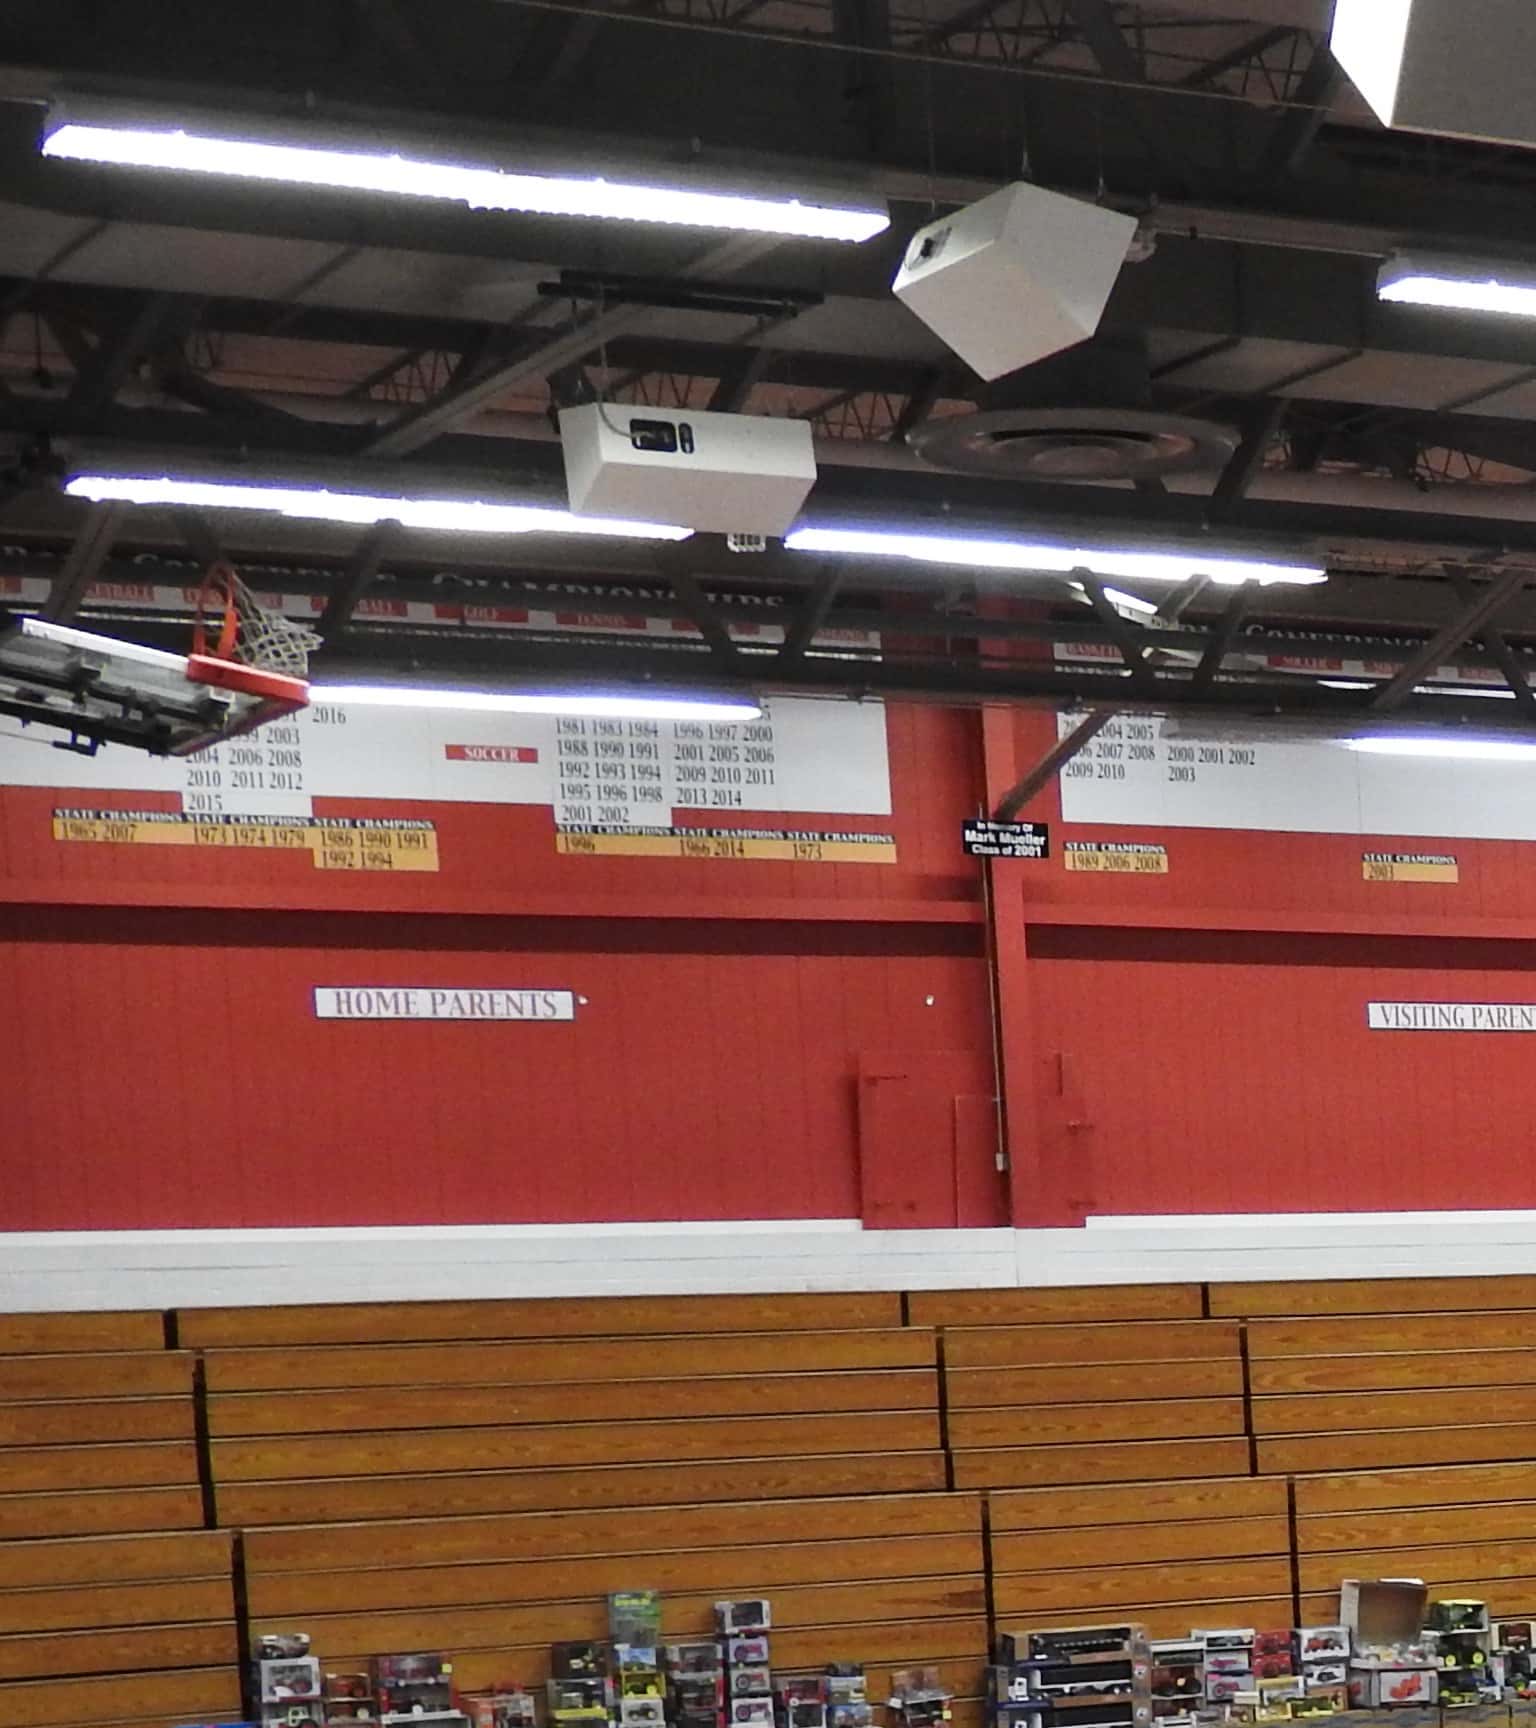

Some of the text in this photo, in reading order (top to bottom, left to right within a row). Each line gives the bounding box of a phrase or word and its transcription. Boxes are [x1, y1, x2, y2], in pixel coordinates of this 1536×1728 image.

[312, 707, 346, 725] 2016
[743, 724, 773, 742] 2000
[1127, 724, 1154, 740] 2005
[229, 749, 302, 768] 2006 2008
[463, 746, 520, 762] SOCCER
[629, 742, 659, 760] 1991
[674, 743, 775, 763] 2001 2005 2006
[1097, 744, 1155, 760] 2007 2008
[1168, 747, 1255, 765] 2000 2001 2002
[559, 761, 590, 779] 1992
[675, 765, 775, 785] 2009 2010 2011
[1066, 763, 1125, 779] 2009 2010
[1168, 766, 1195, 782] 2003
[188, 770, 303, 790] 2010 2011 2012
[560, 783, 591, 800] 1995
[676, 787, 742, 806] 2013 2014
[188, 794, 222, 811] 2015
[562, 805, 630, 824] 2001 2002
[965, 831, 1046, 846] Mark Mueller
[972, 845, 1000, 855] Class
[1014, 845, 1042, 858] 2001
[335, 990, 558, 1019] HOME PARENTS
[1380, 1005, 1465, 1028] VISITING

════════

Your assignment: Transcribe the listing above in full. Pictures are not part of the copy.

Response to this task:
Some of the text in this photo, in reading order (top to bottom, left to right within a row). Each line gives the bounding box of a phrase or word and its transcription. Boxes are [x1, y1, x2, y2], in pixel coordinates of this 1536×1728 image.

[312, 707, 346, 725] 2016
[743, 724, 773, 742] 2000
[1127, 724, 1154, 740] 2005
[229, 749, 302, 768] 2006 2008
[463, 746, 520, 762] SOCCER
[629, 742, 659, 760] 1991
[674, 743, 775, 763] 2001 2005 2006
[1097, 744, 1155, 760] 2007 2008
[1168, 747, 1255, 765] 2000 2001 2002
[559, 761, 590, 779] 1992
[675, 765, 775, 785] 2009 2010 2011
[1066, 763, 1125, 779] 2009 2010
[1168, 766, 1195, 782] 2003
[188, 770, 303, 790] 2010 2011 2012
[560, 783, 591, 800] 1995
[676, 787, 742, 806] 2013 2014
[188, 794, 222, 811] 2015
[562, 805, 630, 824] 2001 2002
[965, 831, 1046, 846] Mark Mueller
[972, 845, 1000, 855] Class
[1014, 845, 1042, 858] 2001
[335, 990, 558, 1019] HOME PARENTS
[1380, 1005, 1465, 1028] VISITING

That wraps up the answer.